A morte é algo que paira sobre a cabeça de todos os personagens e, conforme o espectador ganha a simpatia desses “demasiadamente humanos”, os assaltos a bancos e troca de tiros são acompanhados da angustia de, eventualmente, não poder mais ver um membro querido daquele grupo. 

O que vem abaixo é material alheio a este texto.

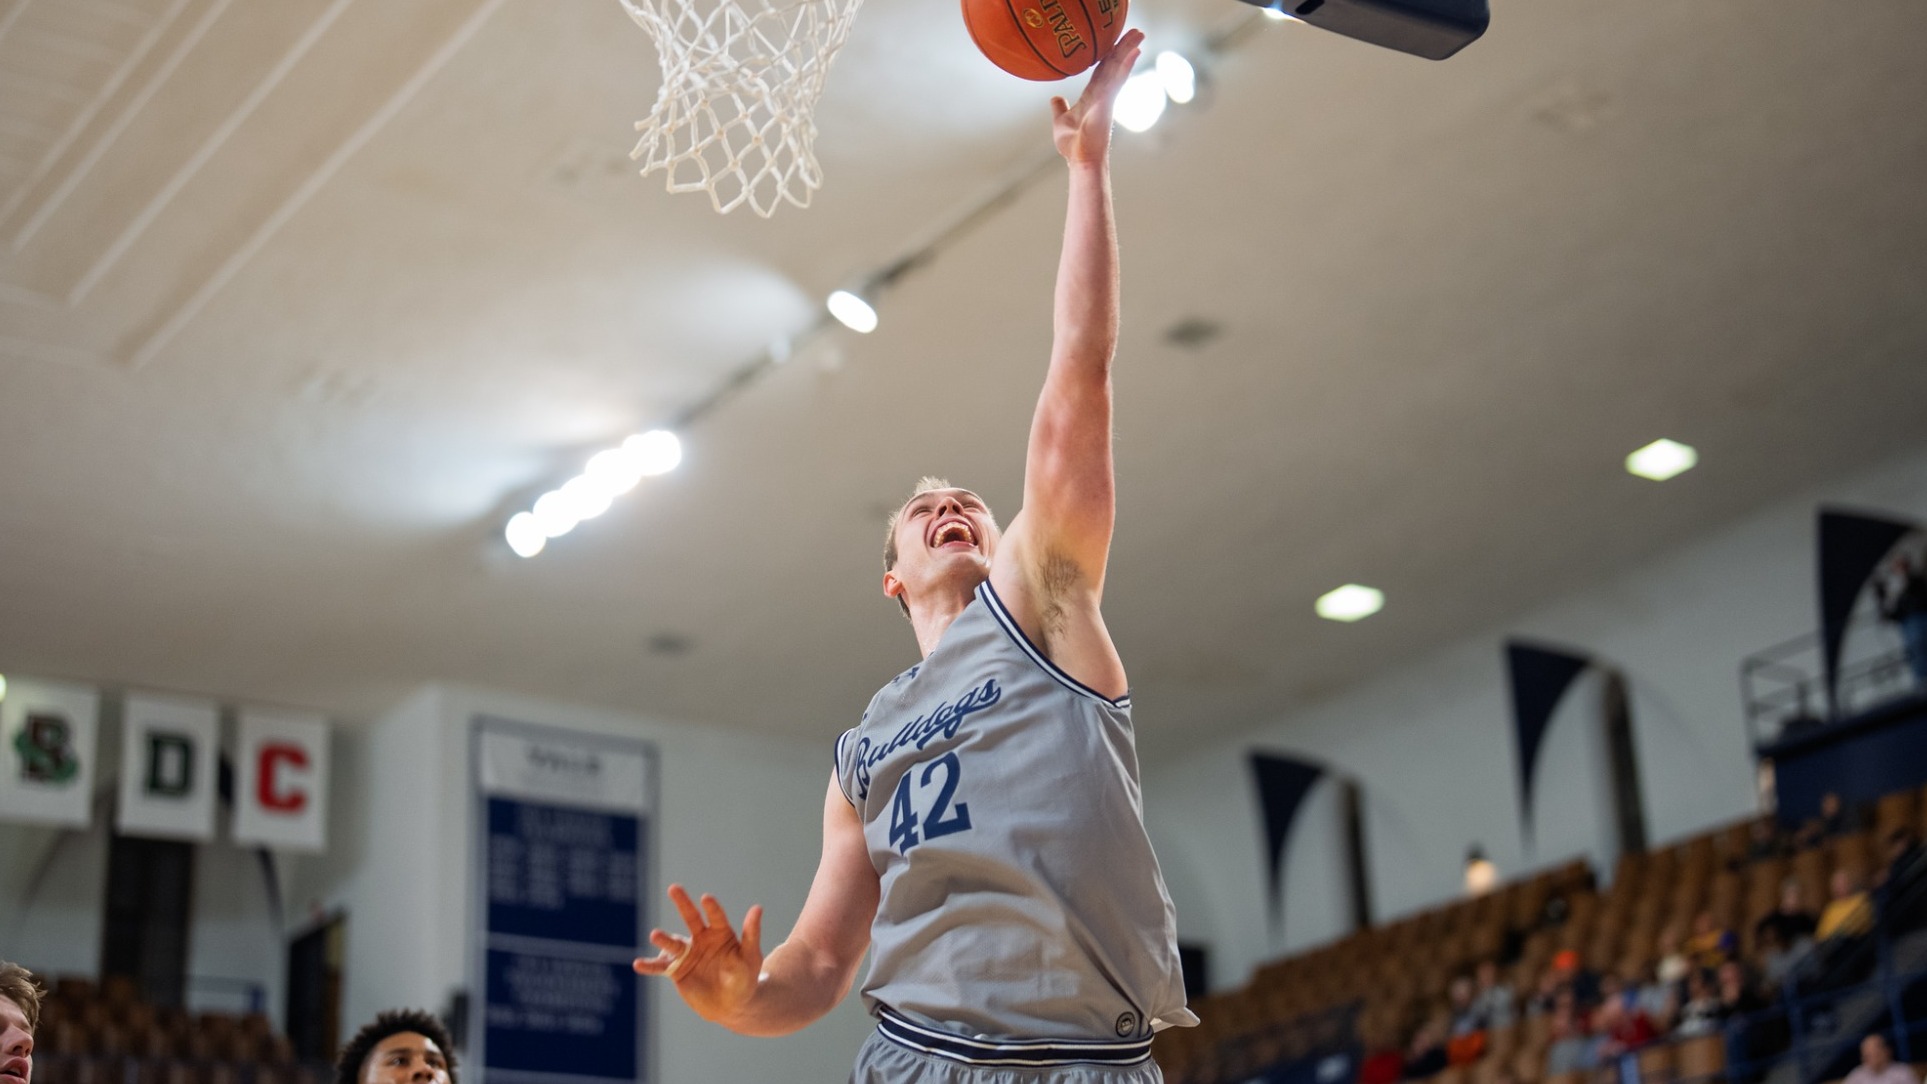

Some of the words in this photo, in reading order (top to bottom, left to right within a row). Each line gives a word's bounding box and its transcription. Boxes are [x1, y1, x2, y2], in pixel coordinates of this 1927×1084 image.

[145, 732, 194, 798] D
[256, 741, 311, 815] C
[856, 678, 1001, 801] Bulldogs
[889, 751, 972, 857] 42

Obviamente que, nesse sentido, a séria discute temas atuais, não só do Brasil, mas do mundo. Nos últimos episódios, elementos da política se mesclam com o cotidiano dos cangaceiros que se dá por meio de uma campanha eleitoral para a prefeitura da cidade, em uma dicotomia com prefeito, que tenta a reeleição, e a oposição, apoiada pelo cangaço. Vale lembrar que aqui o cangaço não é nem bom nem ruim, ele é resultado e agente influenciador de uma realidade complexa, em que forças disputam pelo poder e pela sobrevivência. 

Assim, nem governo nem oposição é santo ou demônio, é uma disputa pelo menos pior. Os ídolos são todos desnudos, e os únicos a escaparem da hipocrisia, de certa forma, é o cangaço, que assume a escolha de serem quem são. 

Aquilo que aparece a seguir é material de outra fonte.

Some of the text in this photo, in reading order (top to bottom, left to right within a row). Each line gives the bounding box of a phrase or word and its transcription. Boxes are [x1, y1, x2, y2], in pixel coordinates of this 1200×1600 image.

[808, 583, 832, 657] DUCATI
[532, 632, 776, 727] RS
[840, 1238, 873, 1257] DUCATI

Nesse ponto, a série trabalha muito bem a violência como um elemento de natureza cíclica - fulano estupra a filha de ciclano. Ciclano vai lá e mata o fulano por vingança. Os amigos de fulano descobrem que foi ciclano quem matou o fulano. Eles vão lá e matam toda a família do ciclano. Até não restar ninguém. Basicamente, essa é uma das fórmulas que faz o roteiro girar. A violência e a repressão, em todas as suas manifestação, são características do meio em que esses personagens estão inseridos, que faz parte de um sistema tão complexo que é difícil de ser quebrado. 

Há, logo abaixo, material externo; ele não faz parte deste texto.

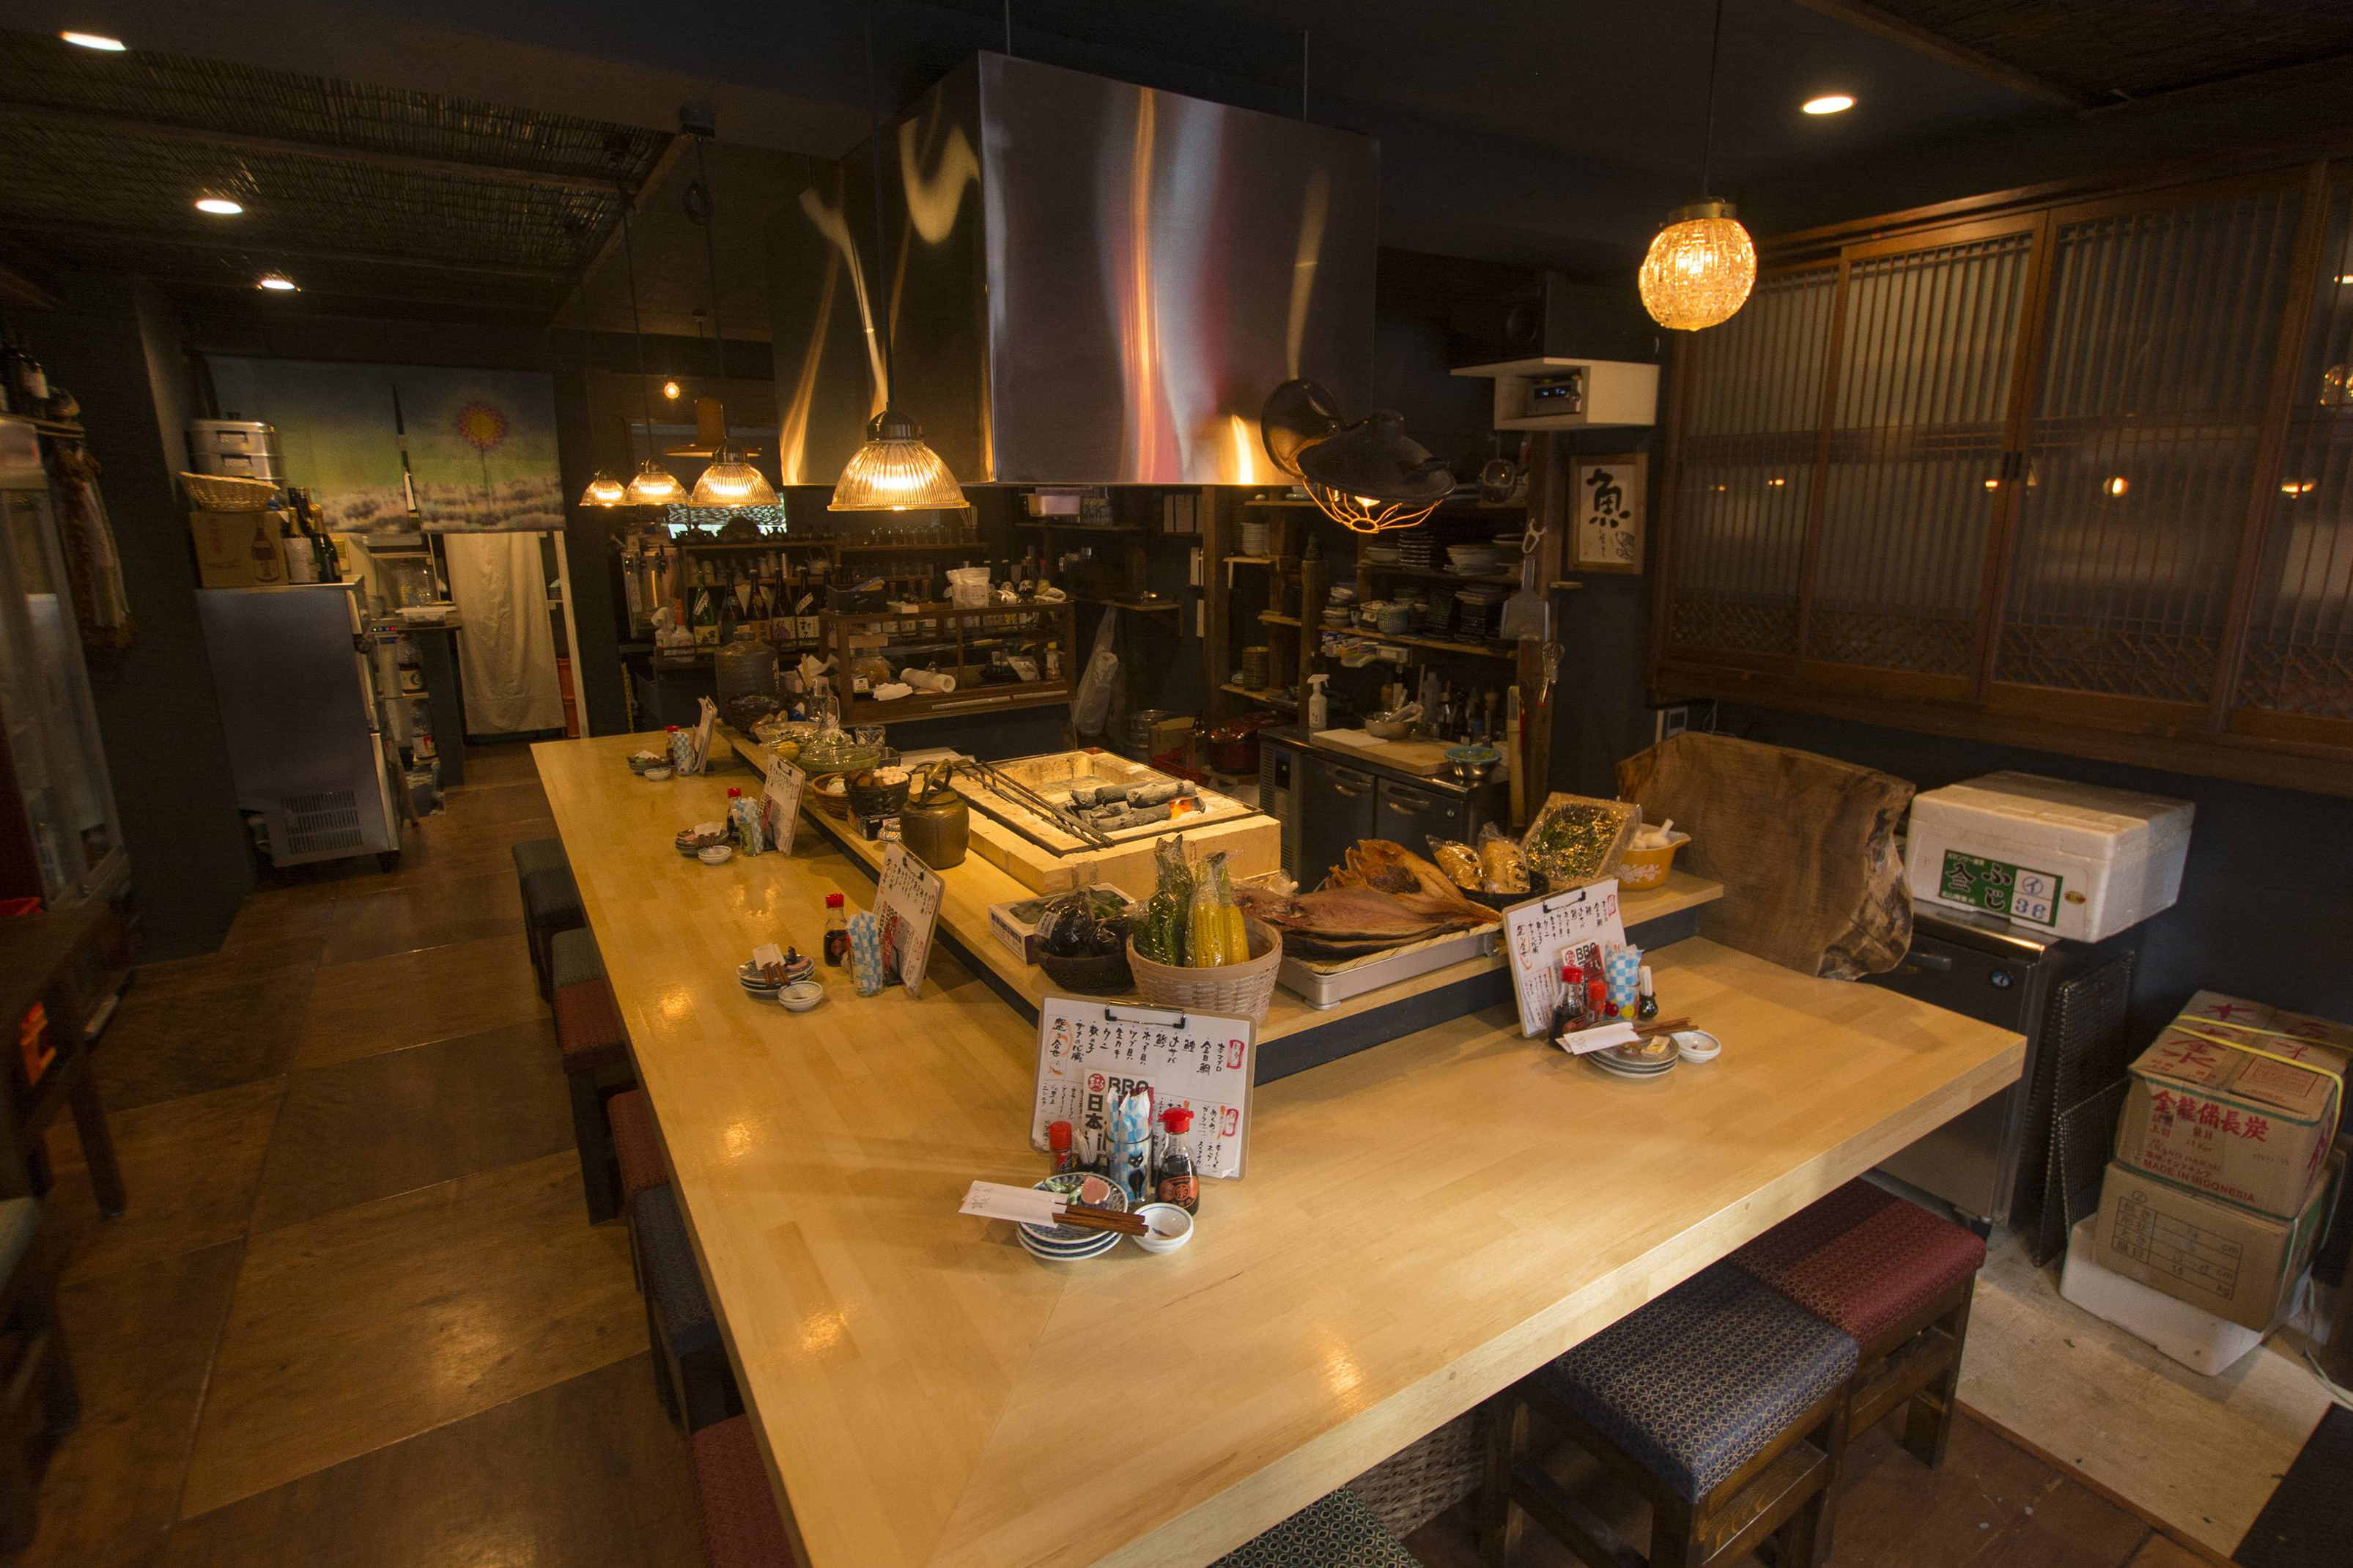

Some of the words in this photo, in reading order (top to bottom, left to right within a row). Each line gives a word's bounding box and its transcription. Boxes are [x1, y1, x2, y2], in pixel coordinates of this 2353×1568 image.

Como sustentação dessa atmosfera que veste a série, os atores transbordam vida em suas interpretação. Está tudo ali é genuíno, o elenco é aquele mundo, eles se transformam na dramaturgia da série. Na fala, nas brincadeiras, na dor, no luto. É visceral e contagiante. 

Por sua vez, o grande destaque desse elenco é sem sombra de dúvida Alice Carvalho, que dá vida a Dinorah, uma das irmãs de Ubaldo. Ela simplesmente rouba as cenas, e possui uma das passagens mais incríveis da série quando, em uma alucinação, conversa com cangaceiros já falecidos, inclusive Lampião e Maria Bonita

Sobre tiro, porrada e bomba, é muito bem equilibrado e as cenas são realmente excelentes. Para amantes de filmes de faroeste, inclusive, com pessoas entre rochas atirando um nos outros, o último episódio possui um desses conflitos nostálgicos, logicamente que guardadas as proporções. 

Vale ressaltar ainda o show à parte que é a trilha sonora, que exalta o melhor da cultura brasileira e vai ao encontro das circunstâncias de cada momento da série e aquilo que ela quer transmitir, com nome como Jards Macalé, Erasmo Carlos, Maria Bethânia, e assim por diante.

Cangaço Novo assume as contradições humanas, se livra dos arquétipos convencionais e mergulha na complexidade de personagens demasiadamente humanos. Explorando o Brasil profundo e seus dilemas, a série transcende a superficialidade das cenas de ação e discursa sobre problemáticas nacionais e contemporâneas, partindo do cangaço que, por sua vez, é um resultado social ao mesmo tempo que se torna um agente da sociedade. Tal qual esse paradoxo, assim é a série de Aly Muritiba e Fabio Mendonça, que possui muito a dizer ao mundo.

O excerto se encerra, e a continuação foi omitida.